L'albero della storia è sempre verde

L'albero della storia è sempre verde

"Teniamo ben ferma la comprensione del fatto che, di regola, le classi dominanti vincono sempre perché sempre in possesso della comprensione della totalità concettuale della riproduzione sociale, e le classi dominate perdono sempre per la loro stupidità strategica, dovuta all’impossibilità materiale di accedere a questa comprensione intellettuale. Nella storia universale comparata non vi sono assolutamente eccezioni. La prima e l’unica eccezione è il 1917 russo. Per questo, sul piano storico-mondiale, Lenin è molto più grande di Marx. Marx è soltanto il coronamento del grande pensiero idealistico ed umanistico tedesco, ed il fondatore del metodo della comprensione della storia attraverso i modi di produzione. Ma Lenin è molto di più. Lenin è il primo esempio storico in assoluto in cui le classi dominate, sia pure purtroppo soltanto per pochi decenni, hanno potuto vincere contro le classi dominanti. Bisogna dunque studiare con attenzione sia le ragioni della vittoria che le ragioni della sconfitta. Ma esse stanno in un solo complesso di problemi, la natura del partito comunista ed il suo rovesciamento posteriore classistico, individualistico e soprattutto anti- comunitario" Costanzo Preve da "Il modo di produzione comunitario. Il problema del comunismo rimesso sui piedi"

lunedì 2 dicembre 2019

Mes - Conte alla Camera per difendere se stesso e non entra nel merito del trattato tagliagola per spolpare l'Italia. La delega all'euroimbecille ministro Gualtieri significa dare il mandato per finire di impoverirci e rubare i risparmi degli italiani

IL PRESIDENTE DEL CONSIGLIO

Mes, Conte alla Camera: «Contro di me accuse gravissime e infamanti»
Il premier riferisce in Parlamento sul tema del fondo Salva-Stati: «Sarei uno spergiuro perché venuto meno al vincolo di essere fedele alla Repubblica: si è perfino adombrato che avrei tenuto questa condotta per biechi interessi personali»


«Non posso nascondere che questa informativa non può essere degradata a ordinario momento della fisiologica interlocuzione tra il governo e il Parlamento: questo mio passaggio assume un rilievo particolare.

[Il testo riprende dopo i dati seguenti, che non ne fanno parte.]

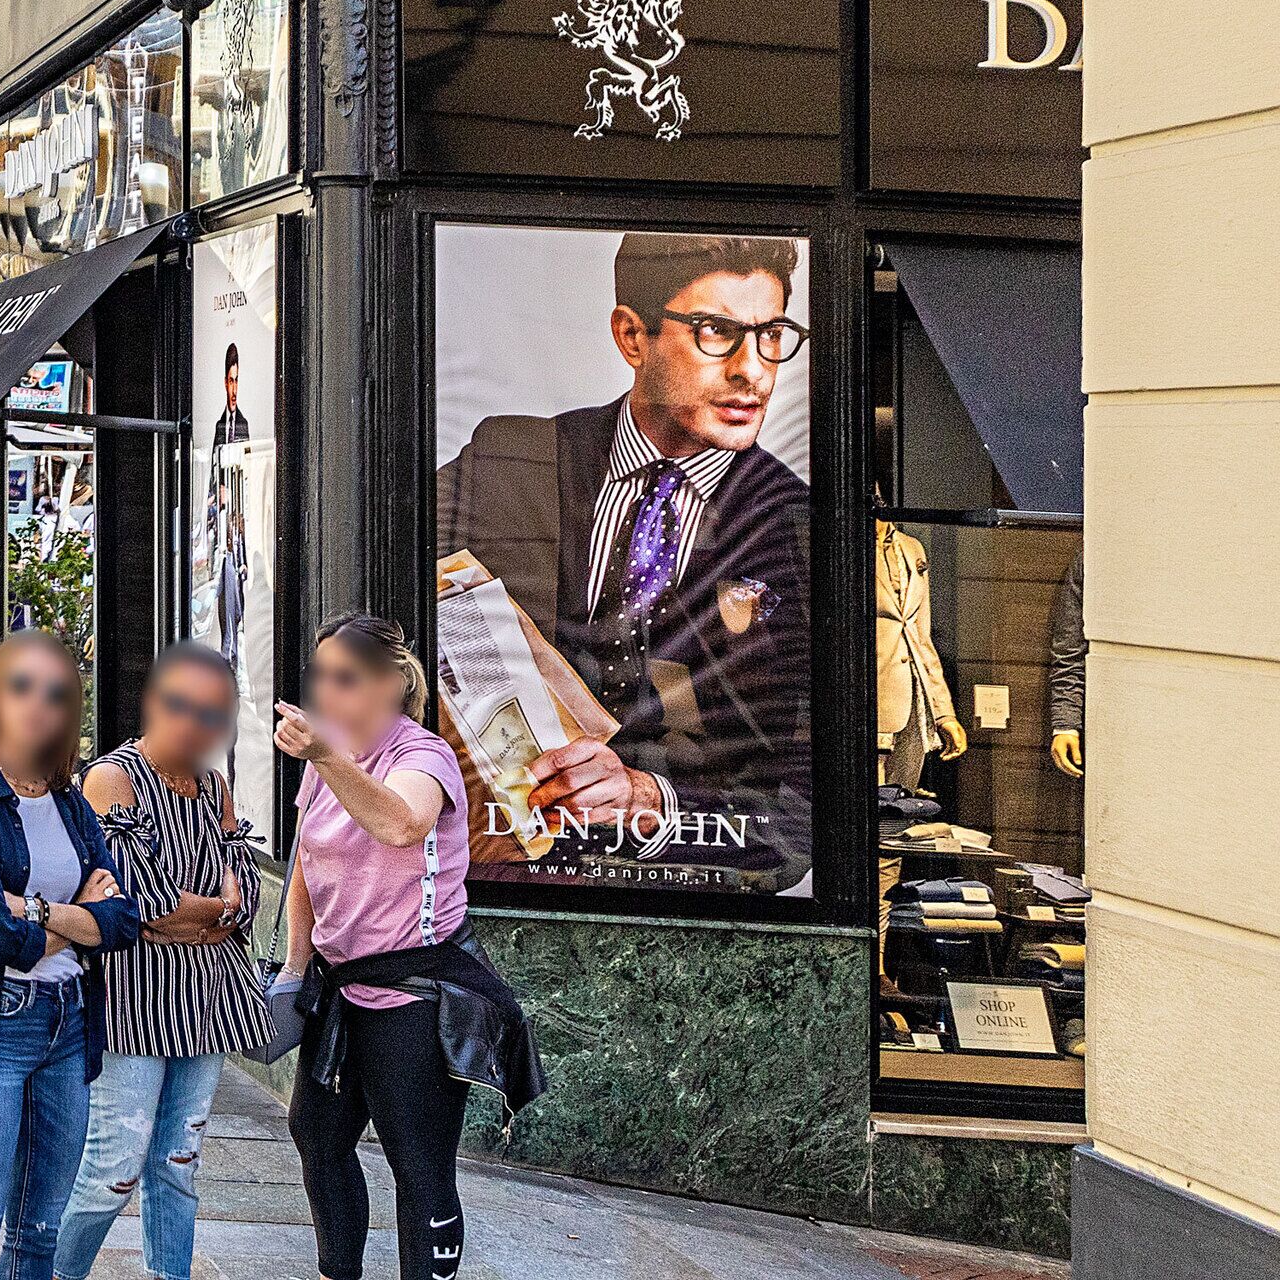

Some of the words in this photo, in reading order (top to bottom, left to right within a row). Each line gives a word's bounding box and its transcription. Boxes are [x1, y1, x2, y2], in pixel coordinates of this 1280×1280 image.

[3, 132, 44, 199] DAN
[38, 102, 100, 199] JOHN
[213, 293, 228, 312] DAN
[227, 290, 248, 314] JOHN
[483, 801, 593, 841] DAN
[979, 999, 1016, 1012] SHOP
[975, 1014, 1028, 1029] ONLINE

Da alcune settimane i massimi esponenti di alcune forze di opposizione hanno condotto una insistita, capillare campagna mediatica accusandomi di condotte talmente improprie e illegittime nella trattativa con l’Ue da essermi reso responsabile di alto tradimento. Sarei uno spergiuro perché venuto meno al vincolo di essere fedele alla Repubblica: si è perfino adombrato che avrei tenuto questa condotta per biechi interessi personali. Questa accusa possiamo dobbiamo convenirne tutti non rientra nell’ambito dell’ordinaria dialettica politica». È il giorno del premier Giuseppe Conte in Parlamento per le comunicazioni in aula sul Mes. Il presidente del Consiglio si difende partendo all’attacco: «Mi sono sorpreso, se posso dirlo, non della condotta del senatore Salvini, la cui «disinvoltura» a restituire la verità e la cui «resistenza» a studiare i dossier mi sono ben note, quanto del comportamento della deputata Meloni» nel «diffondere notizie allarmistiche, palesemente false» sul Mes. 

E ancora: «Quando sono venuto dinanzi a Voi per chiedervi la fiducia ho invocato, per questa nuova stagione politica, un «linguaggio mite», ho auspicato che la Politica, con la P maiuscola, potesse riporre una particolare attenzione alla «cura delle parole».Le accuse che mi sono state rivolte, tuttavia, trascendono ampiamente i più accesi toni e le più aspre contestazioni che caratterizzano l’odierna dialettica politica, già di per sé ben poco incline alla «cura delle parole». Siamo al cospetto di un’accusa gravissima».